[Extracted data entries]
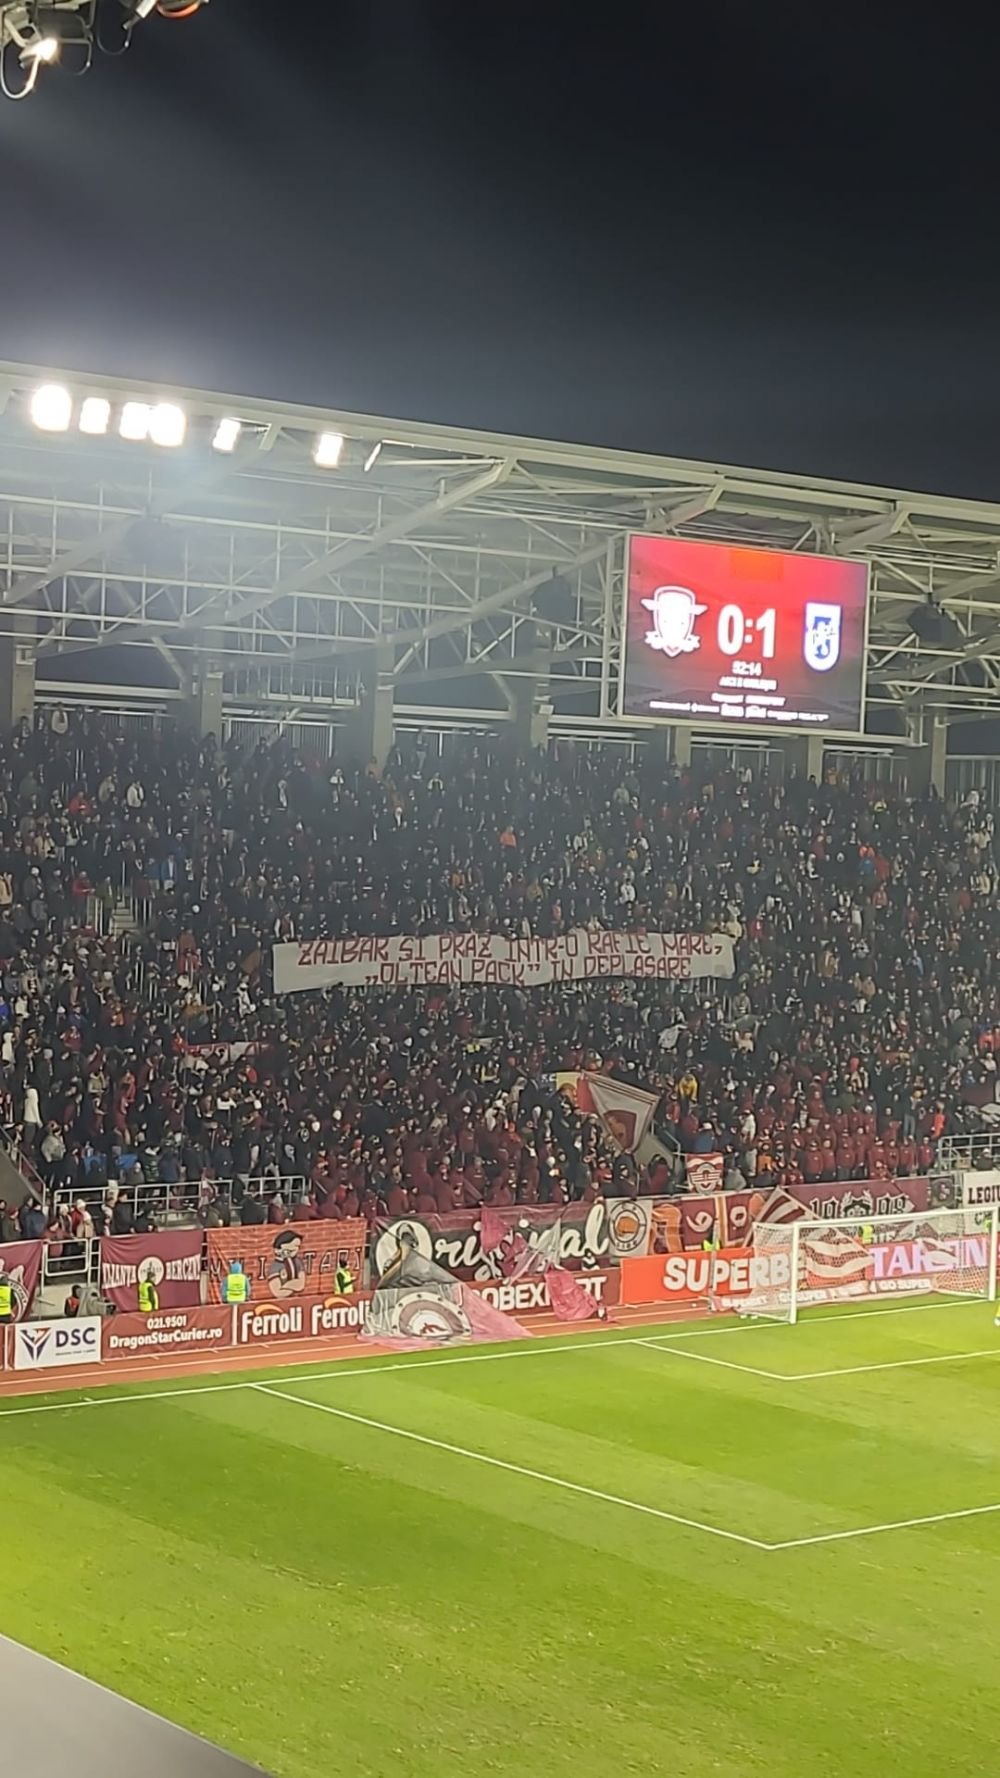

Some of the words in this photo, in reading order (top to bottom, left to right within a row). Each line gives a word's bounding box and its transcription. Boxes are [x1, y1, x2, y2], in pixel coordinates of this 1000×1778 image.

[298, 936, 390, 966] ZAIBAR
[439, 934, 493, 960] PRAZ
[583, 954, 692, 977] DEPLASARE
[241, 1306, 303, 1343] Ferroli
[311, 1300, 370, 1335] Ferroli
[55, 1327, 97, 1348] DSC
[109, 1326, 223, 1349] DragonStarCurier.ro
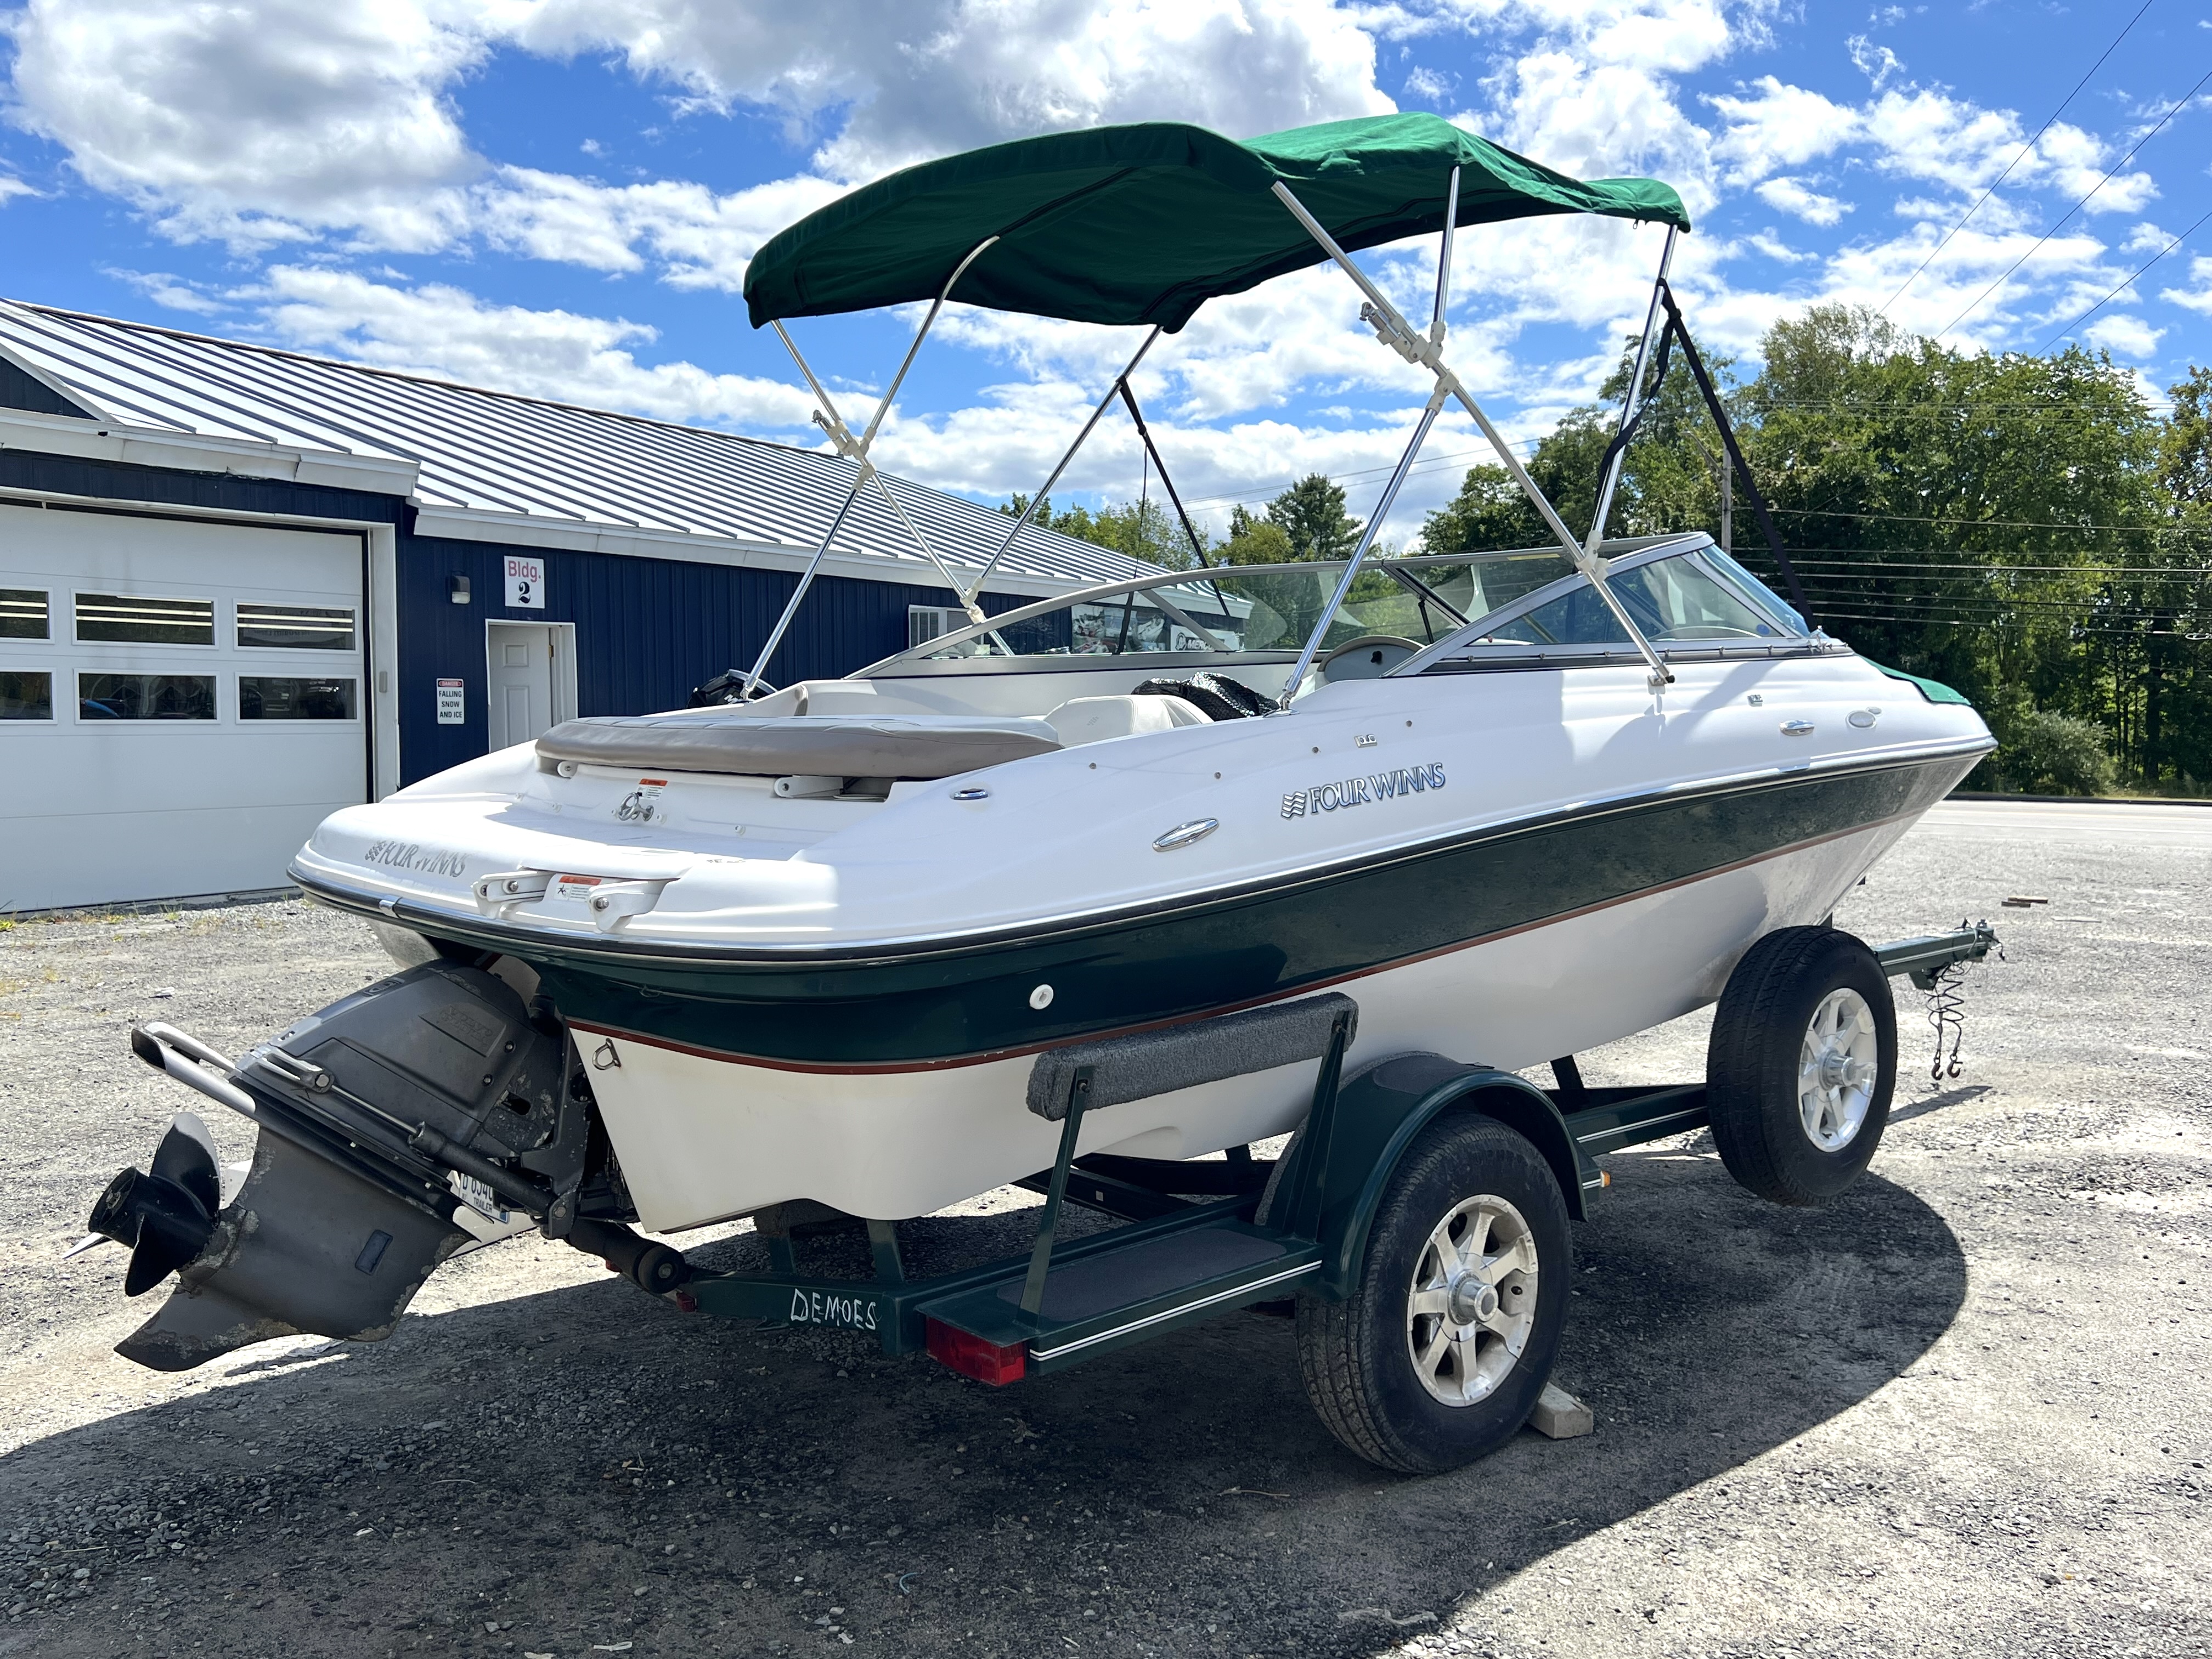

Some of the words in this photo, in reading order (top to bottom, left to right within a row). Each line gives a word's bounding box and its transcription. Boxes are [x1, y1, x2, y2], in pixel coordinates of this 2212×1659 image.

THE TASK:
Set the records down again precisely, skipping every image.

EXERCISE SOLUTION:
Some of the words in this photo, in reading order (top to bottom, left to right within a row). Each line gives a word's bounding box and its transcription. Boxes are [x1, y1, x2, y2], in pixel coordinates of this 1000×1778 image.

[298, 936, 390, 966] ZAIBAR
[439, 934, 493, 960] PRAZ
[583, 954, 692, 977] DEPLASARE
[241, 1306, 303, 1343] Ferroli
[311, 1300, 370, 1335] Ferroli
[55, 1327, 97, 1348] DSC
[109, 1326, 223, 1349] DragonStarCurier.ro

Some of the words in this photo, in reading order (top to bottom, left to right within a row). Each line gives a word's bounding box and its transcription. Boxes are [x1, y1, x2, y2], in pixel coordinates of this 2212×1659 image.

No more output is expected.